-------- PROVIDED RECORDS

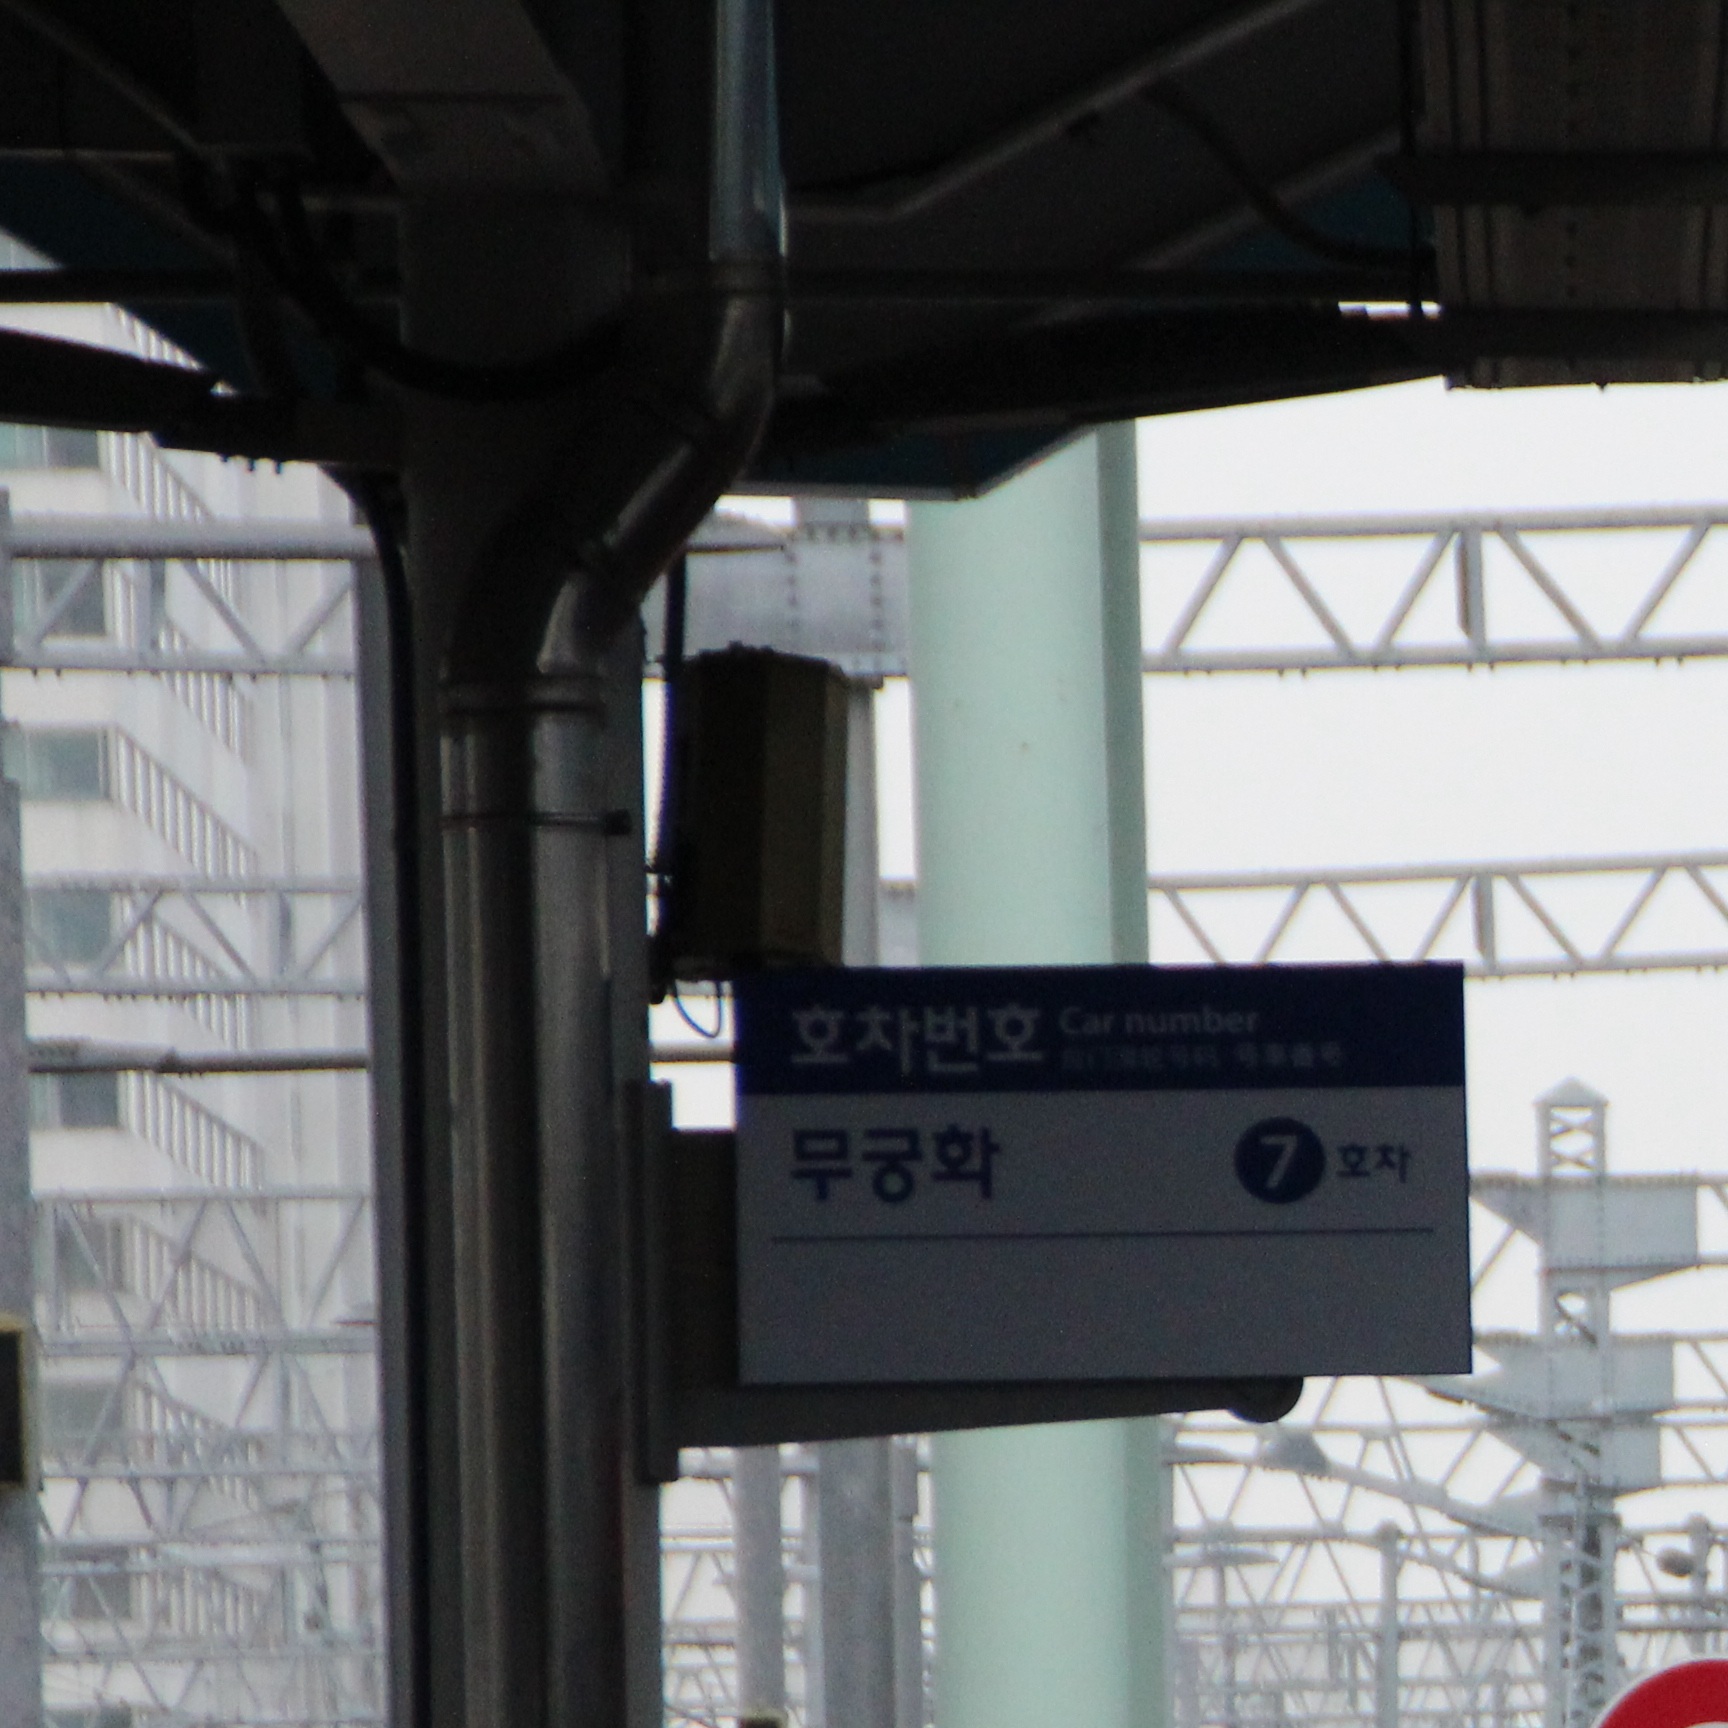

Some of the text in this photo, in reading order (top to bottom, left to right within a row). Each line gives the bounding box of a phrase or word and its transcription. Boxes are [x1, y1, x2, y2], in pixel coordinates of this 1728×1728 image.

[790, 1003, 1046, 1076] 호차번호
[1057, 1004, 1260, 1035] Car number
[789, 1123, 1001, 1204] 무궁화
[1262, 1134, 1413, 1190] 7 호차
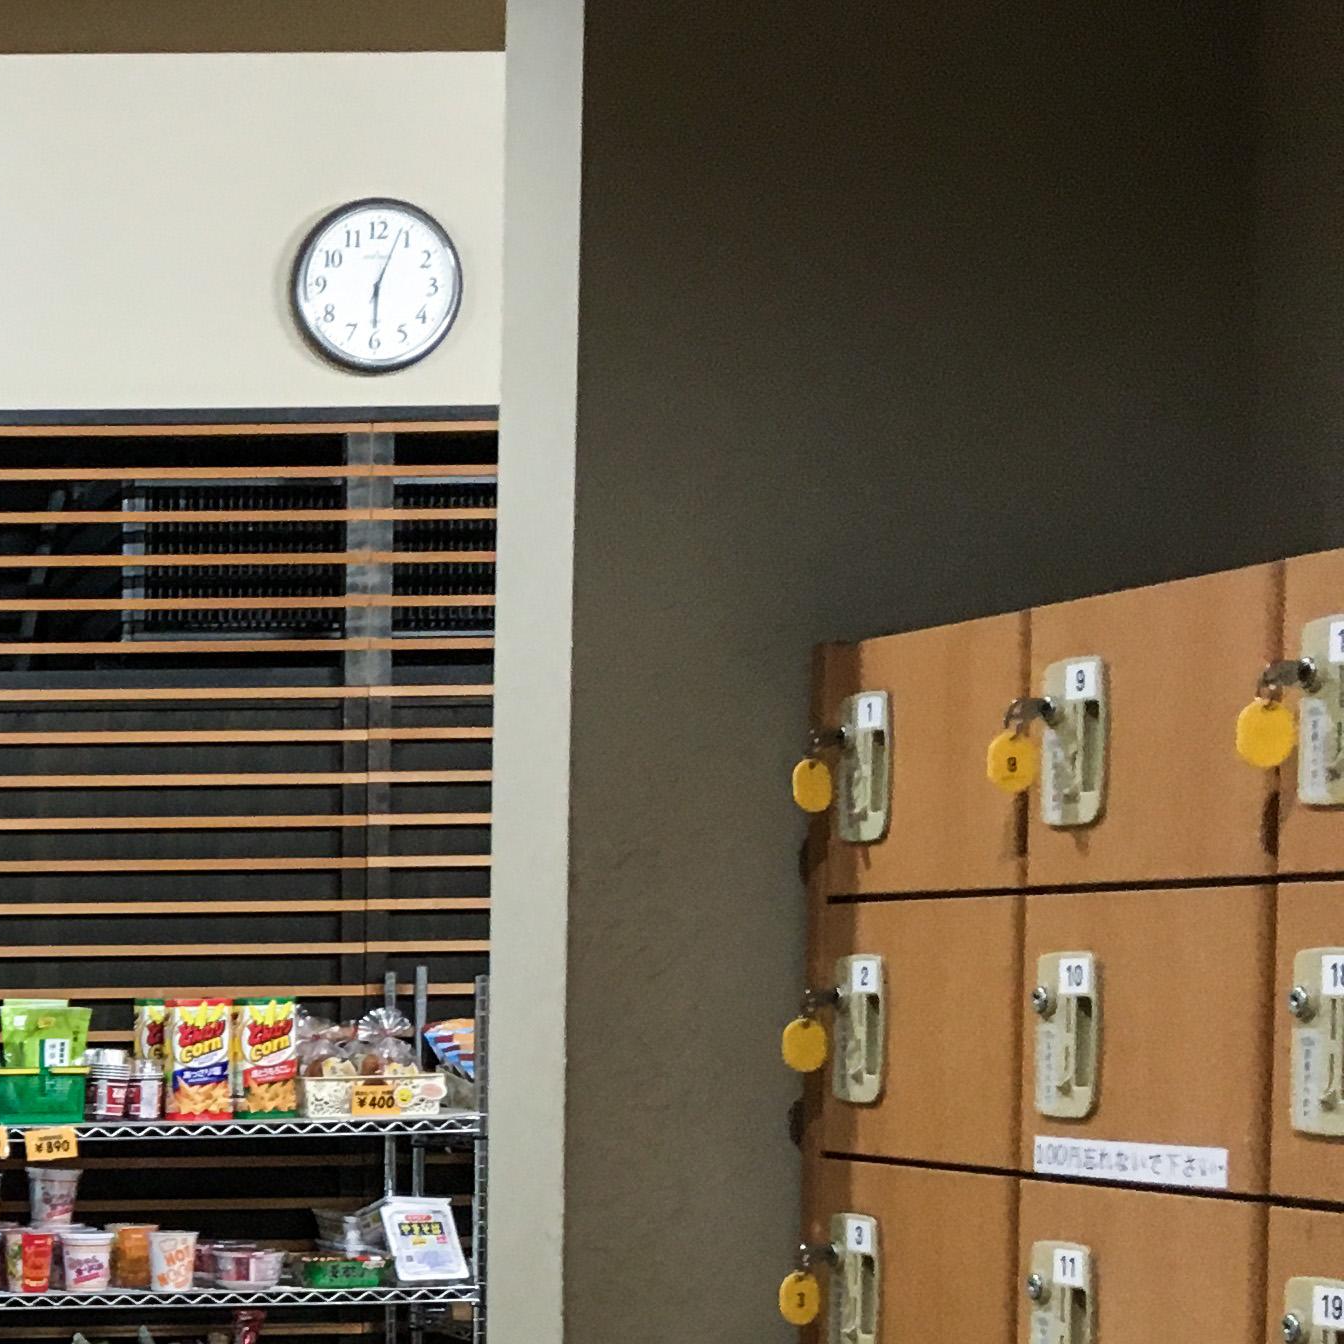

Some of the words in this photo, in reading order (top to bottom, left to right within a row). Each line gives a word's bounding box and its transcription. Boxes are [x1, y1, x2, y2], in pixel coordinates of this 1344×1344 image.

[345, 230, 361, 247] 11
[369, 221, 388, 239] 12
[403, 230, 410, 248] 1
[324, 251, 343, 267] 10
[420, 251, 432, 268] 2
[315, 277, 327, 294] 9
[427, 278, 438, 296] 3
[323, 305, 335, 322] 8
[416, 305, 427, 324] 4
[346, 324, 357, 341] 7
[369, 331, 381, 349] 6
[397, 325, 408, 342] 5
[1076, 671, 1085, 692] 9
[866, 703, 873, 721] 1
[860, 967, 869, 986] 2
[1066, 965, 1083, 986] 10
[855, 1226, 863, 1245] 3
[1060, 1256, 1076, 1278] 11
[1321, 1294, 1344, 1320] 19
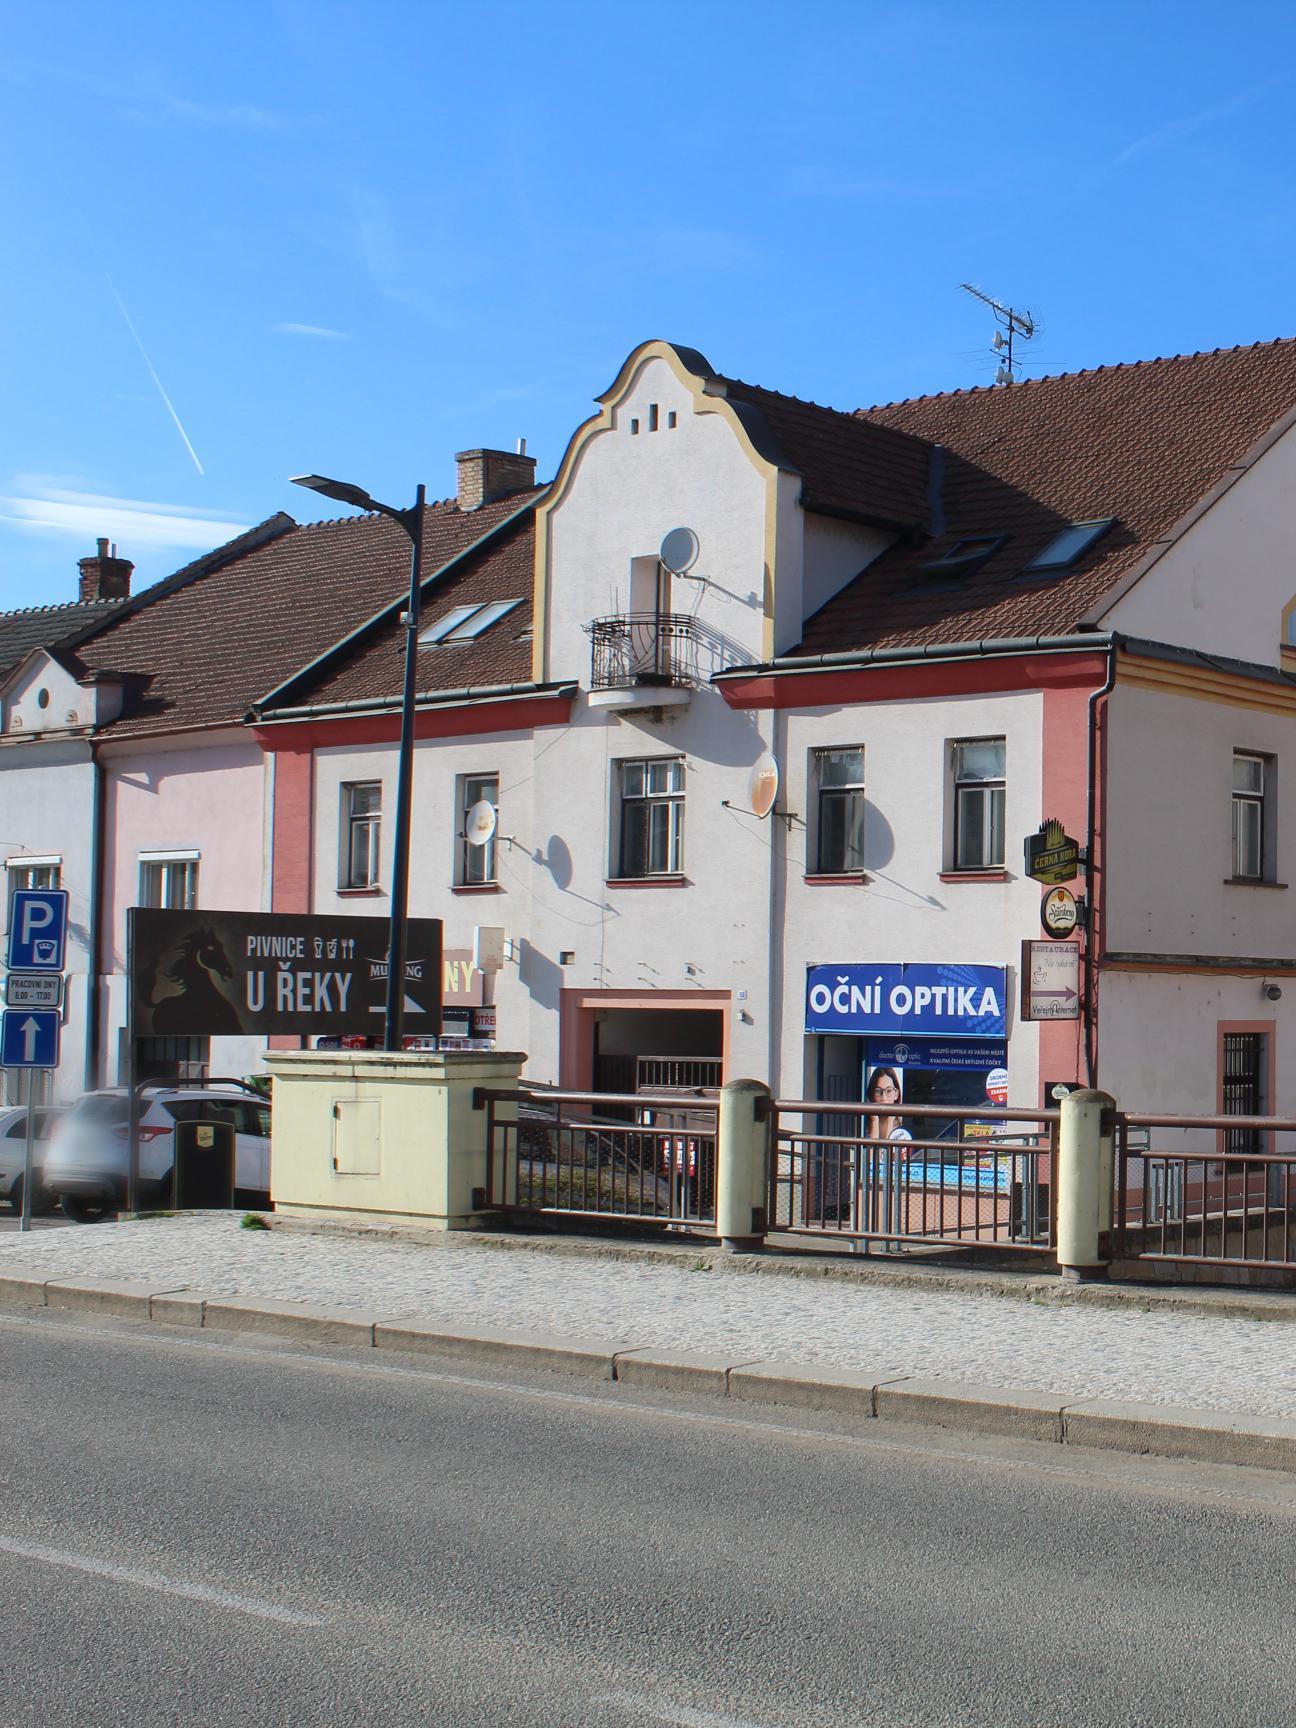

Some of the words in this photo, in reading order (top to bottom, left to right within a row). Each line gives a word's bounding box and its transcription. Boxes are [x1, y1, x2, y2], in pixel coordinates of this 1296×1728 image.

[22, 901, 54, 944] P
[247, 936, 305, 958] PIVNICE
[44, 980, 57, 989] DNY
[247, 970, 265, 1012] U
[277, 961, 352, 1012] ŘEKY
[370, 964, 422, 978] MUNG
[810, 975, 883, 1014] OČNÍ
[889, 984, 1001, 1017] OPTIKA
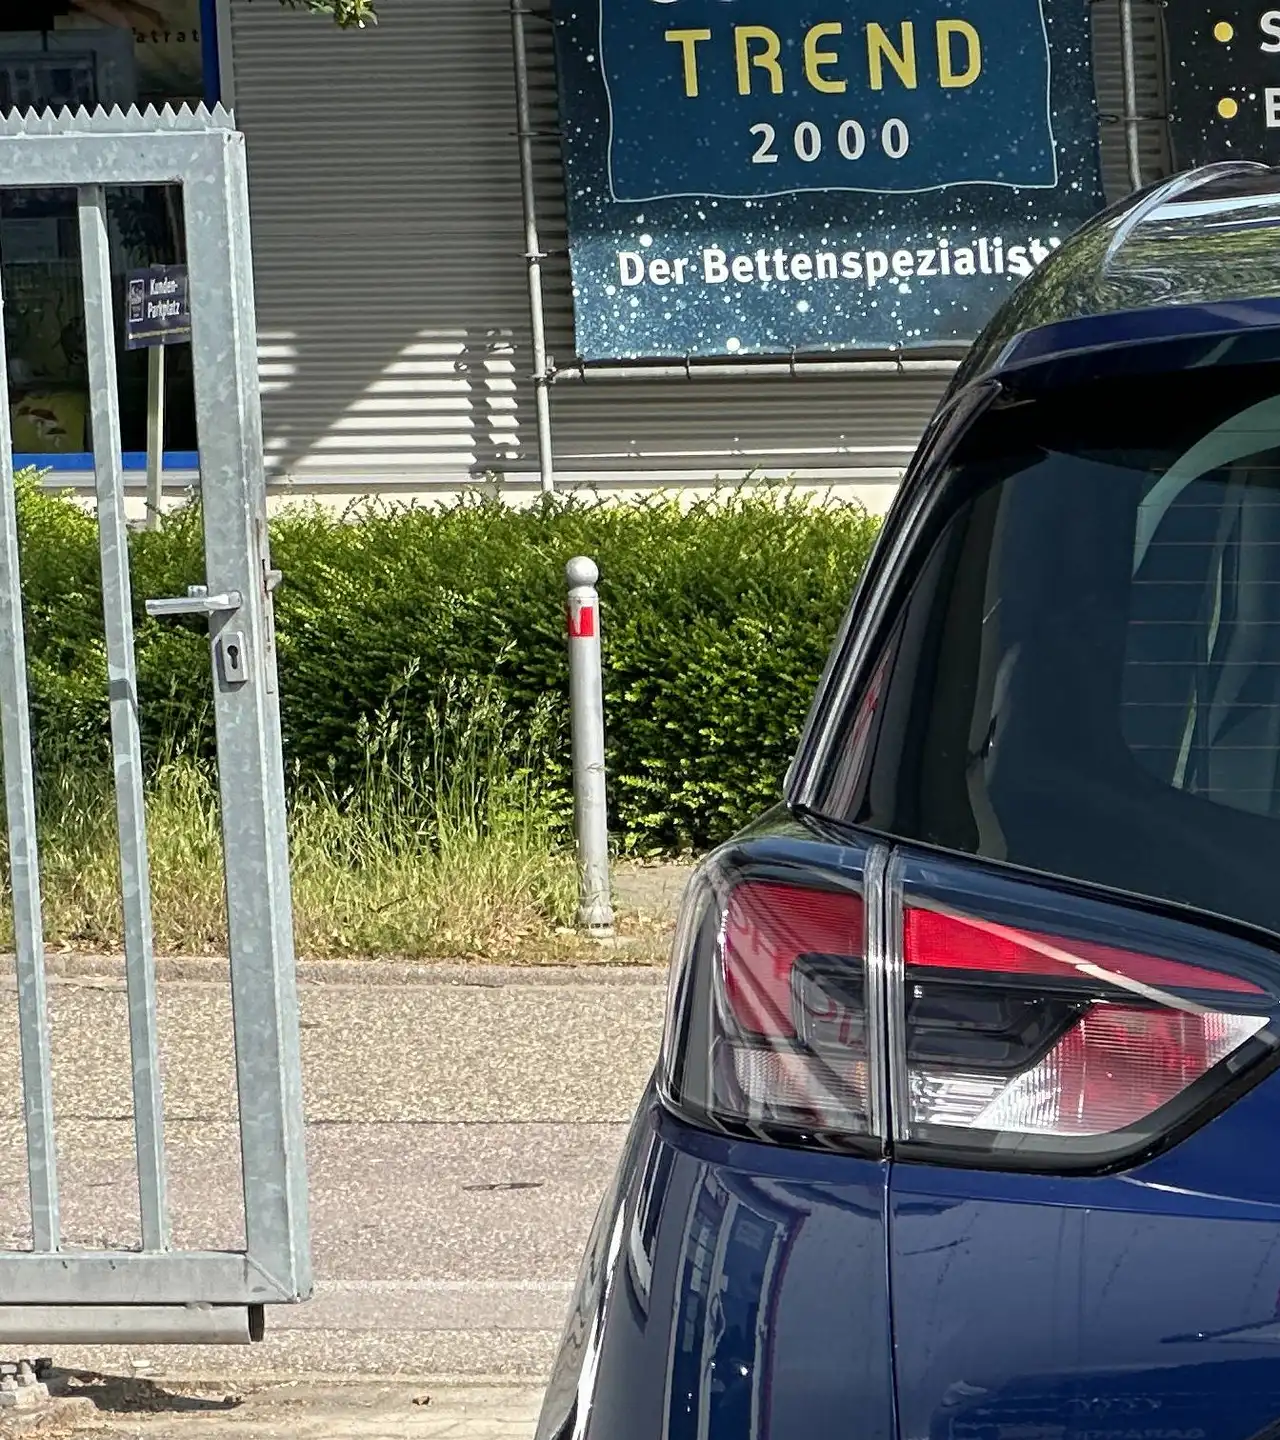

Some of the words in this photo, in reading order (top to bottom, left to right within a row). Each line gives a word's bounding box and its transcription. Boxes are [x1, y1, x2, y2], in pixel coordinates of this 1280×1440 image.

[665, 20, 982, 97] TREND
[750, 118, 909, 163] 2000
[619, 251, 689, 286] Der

----------------

Lines from the one containing "this 1296×1728 image." through the final line of the entries above are to be retyped exactly, with every picture left out.

Some of the words in this photo, in reading order (top to bottom, left to right within a row). Each line gives a word's bounding box and its transcription. Boxes are [x1, y1, x2, y2], in pixel coordinates of this 1296×1728 image.

[22, 901, 54, 944] P
[247, 936, 305, 958] PIVNICE
[44, 980, 57, 989] DNY
[247, 970, 265, 1012] U
[277, 961, 352, 1012] ŘEKY
[370, 964, 422, 978] MUNG
[810, 975, 883, 1014] OČNÍ
[889, 984, 1001, 1017] OPTIKA

Some of the words in this photo, in reading order (top to bottom, left to right within a row). Each line gives a word's bounding box and its transcription. Boxes are [x1, y1, x2, y2], in pixel coordinates of this 1280×1440 image.

[665, 20, 982, 97] TREND
[750, 118, 909, 163] 2000
[619, 251, 689, 286] Der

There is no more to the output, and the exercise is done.